> [Provided material]:

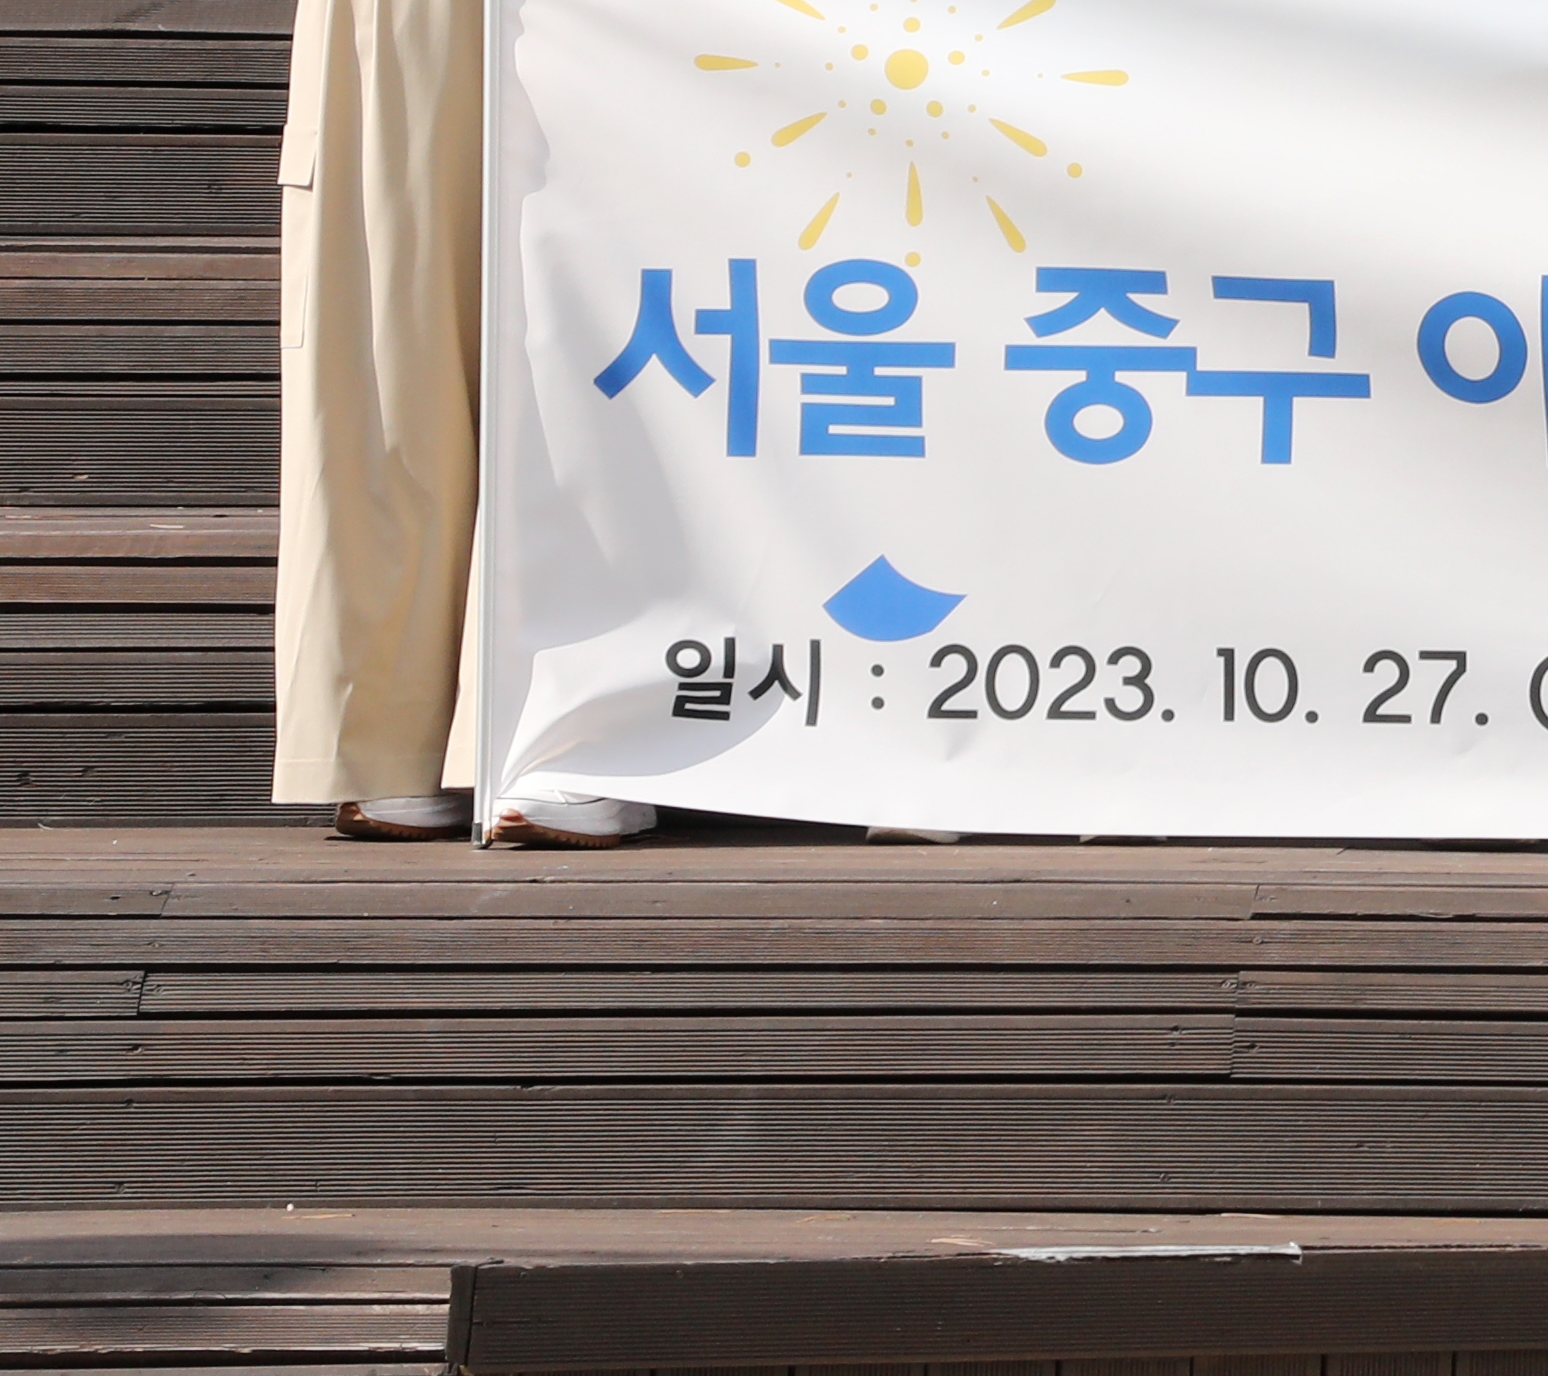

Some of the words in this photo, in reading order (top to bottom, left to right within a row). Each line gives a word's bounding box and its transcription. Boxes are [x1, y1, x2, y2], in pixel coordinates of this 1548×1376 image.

[596, 259, 954, 456] 서울
[1006, 268, 1370, 463] 중구
[667, 638, 820, 725] 일시
[872, 665, 883, 708] :
[928, 645, 1174, 721] 2023.
[1218, 649, 1318, 723] 10.
[1363, 651, 1488, 725] 27.
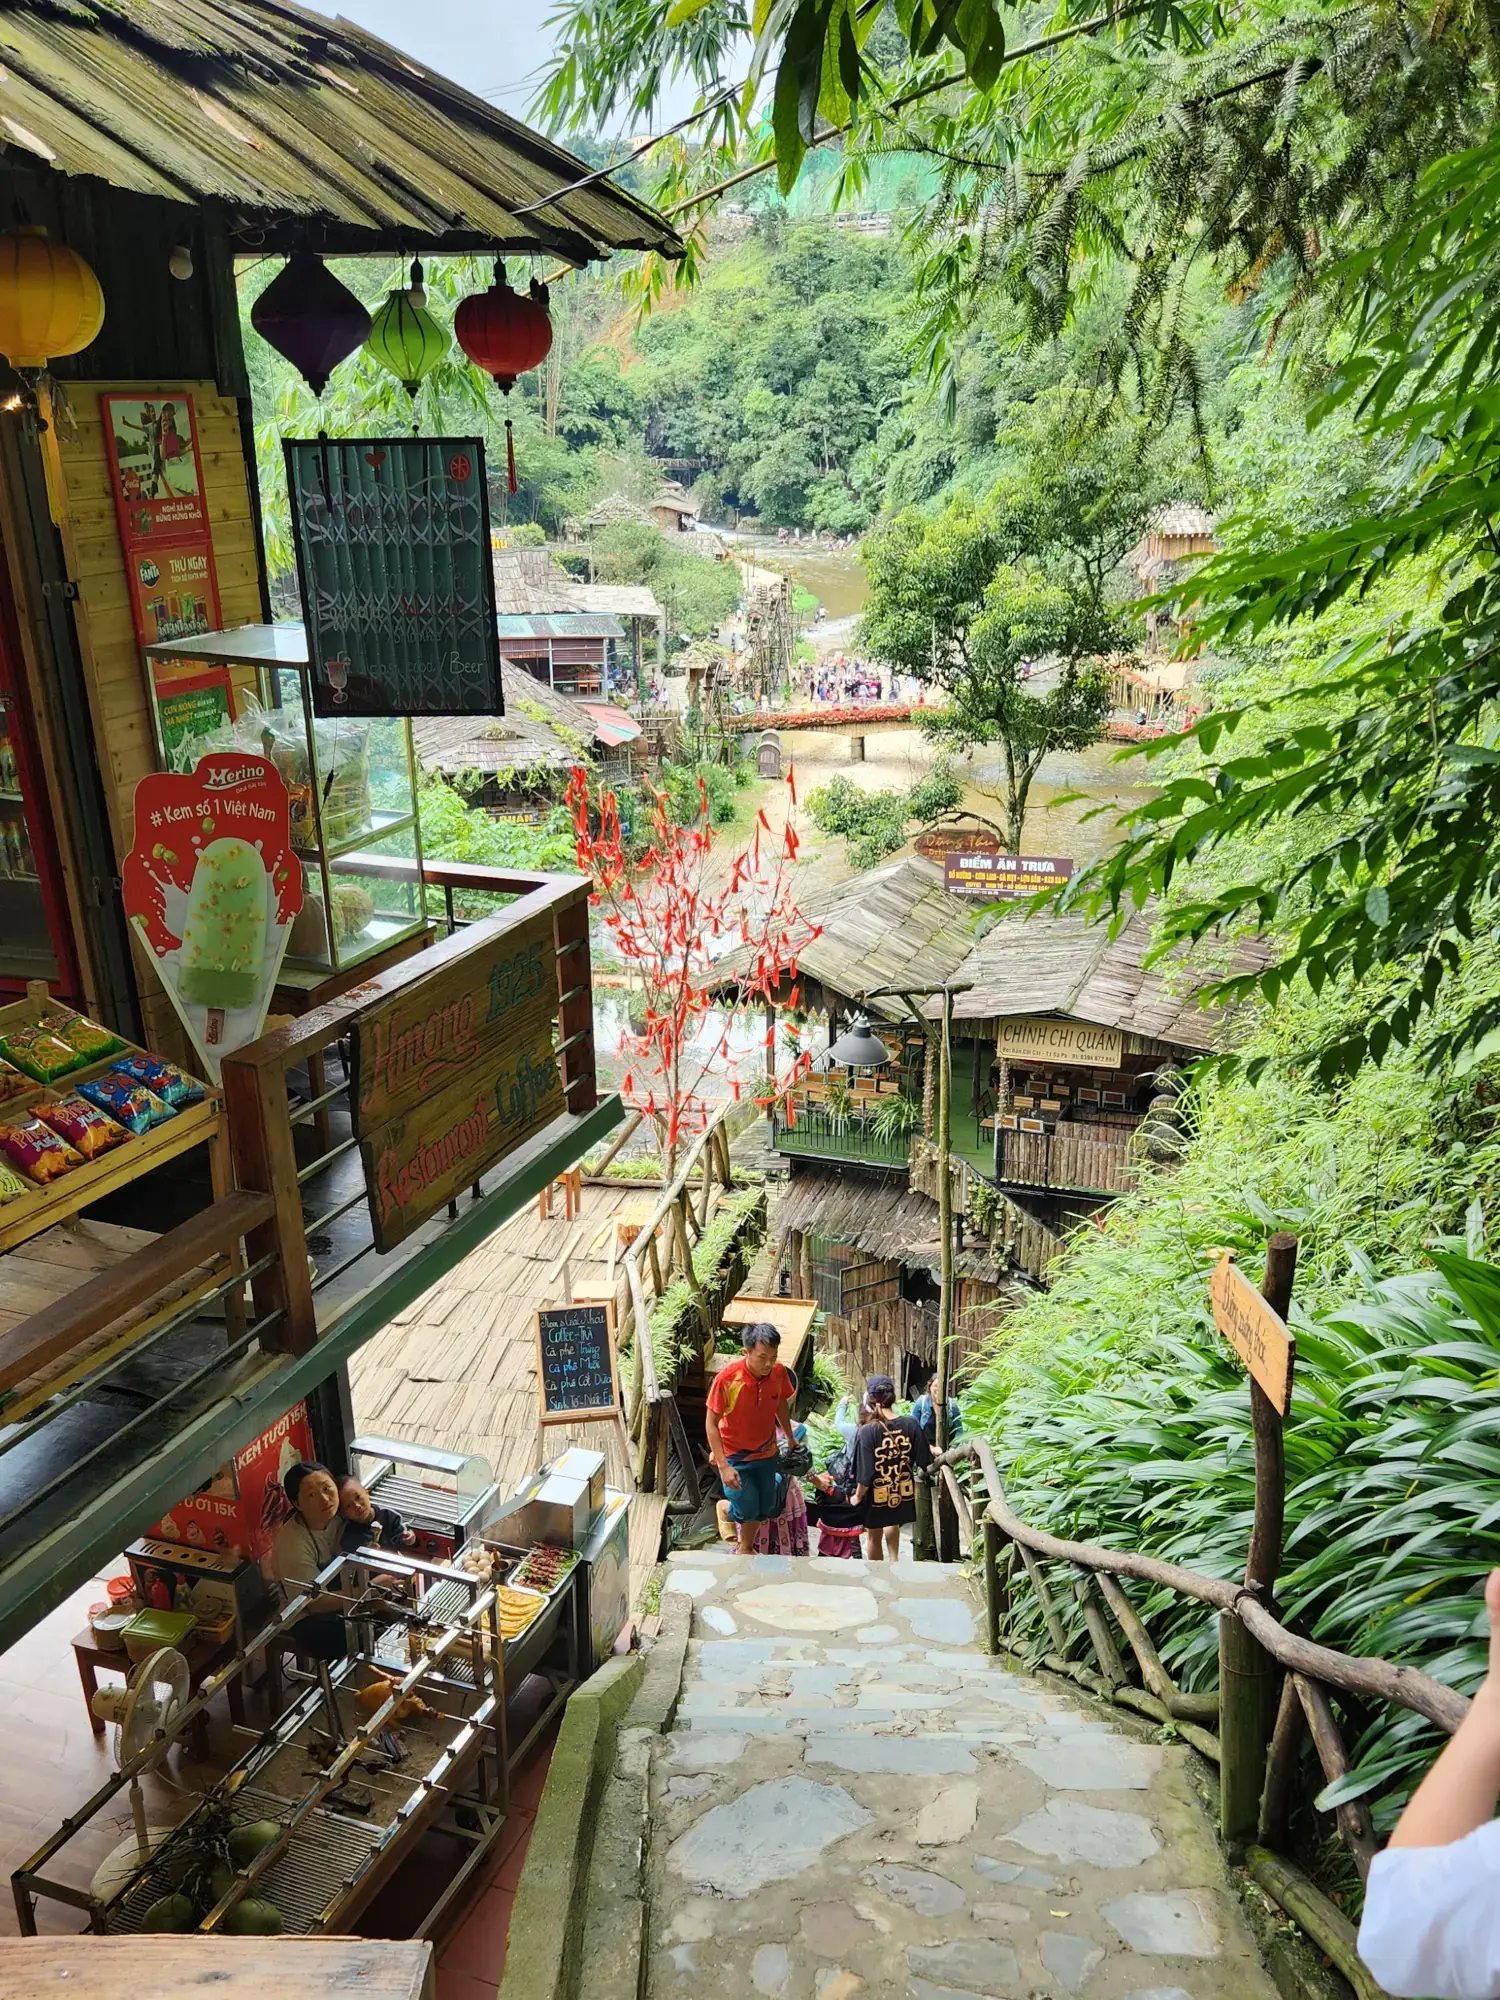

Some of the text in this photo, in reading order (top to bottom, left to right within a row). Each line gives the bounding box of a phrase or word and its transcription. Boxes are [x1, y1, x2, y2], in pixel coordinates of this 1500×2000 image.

[187, 555, 207, 570] NGAY
[140, 564, 160, 582] FANTA
[450, 650, 483, 675] Beer
[207, 764, 265, 785] Merino
[164, 805, 193, 824] Kem
[194, 798, 211, 817] số
[214, 798, 221, 815] 1
[223, 800, 246, 819] Việt
[249, 803, 276, 822] Nam
[959, 855, 1055, 872] ĐIỂM ĂN TRƯA
[1049, 1028, 1074, 1048] CHI
[1076, 1028, 1118, 1052] QUÁN
[378, 1047, 558, 1225] Restaurant Coffee
[560, 1343, 576, 1360] phê
[548, 1363, 561, 1373] Cà
[563, 1358, 578, 1376] phê
[544, 1379, 558, 1391] Cà
[560, 1376, 576, 1395] phê
[238, 1401, 307, 1470] KEM TƯƠI 15K
[213, 1501, 238, 1518] 15K

> [What the task requires]:
Copy out every entry above word for word; omit the images.

> [Task output]:
Some of the words in this photo, in reading order (top to bottom, left to right within a row). Each line gives a word's bounding box and its transcription. Boxes are [x1, y1, x2, y2], in pixel coordinates of this 1548×1376 image.

[596, 259, 954, 456] 서울
[1006, 268, 1370, 463] 중구
[667, 638, 820, 725] 일시
[872, 665, 883, 708] :
[928, 645, 1174, 721] 2023.
[1218, 649, 1318, 723] 10.
[1363, 651, 1488, 725] 27.

Some of the text in this photo, in reading order (top to bottom, left to right within a row). Each line gives the bounding box of a phrase or word and its transcription. Boxes are [x1, y1, x2, y2], in pixel coordinates of this 1500×2000 image.

[187, 555, 207, 570] NGAY
[140, 564, 160, 582] FANTA
[450, 650, 483, 675] Beer
[207, 764, 265, 785] Merino
[164, 805, 193, 824] Kem
[194, 798, 211, 817] số
[214, 798, 221, 815] 1
[223, 800, 246, 819] Việt
[249, 803, 276, 822] Nam
[959, 855, 1055, 872] ĐIỂM ĂN TRƯA
[1049, 1028, 1074, 1048] CHI
[1076, 1028, 1118, 1052] QUÁN
[378, 1047, 558, 1225] Restaurant Coffee
[560, 1343, 576, 1360] phê
[548, 1363, 561, 1373] Cà
[563, 1358, 578, 1376] phê
[544, 1379, 558, 1391] Cà
[560, 1376, 576, 1395] phê
[238, 1401, 307, 1470] KEM TƯƠI 15K
[213, 1501, 238, 1518] 15K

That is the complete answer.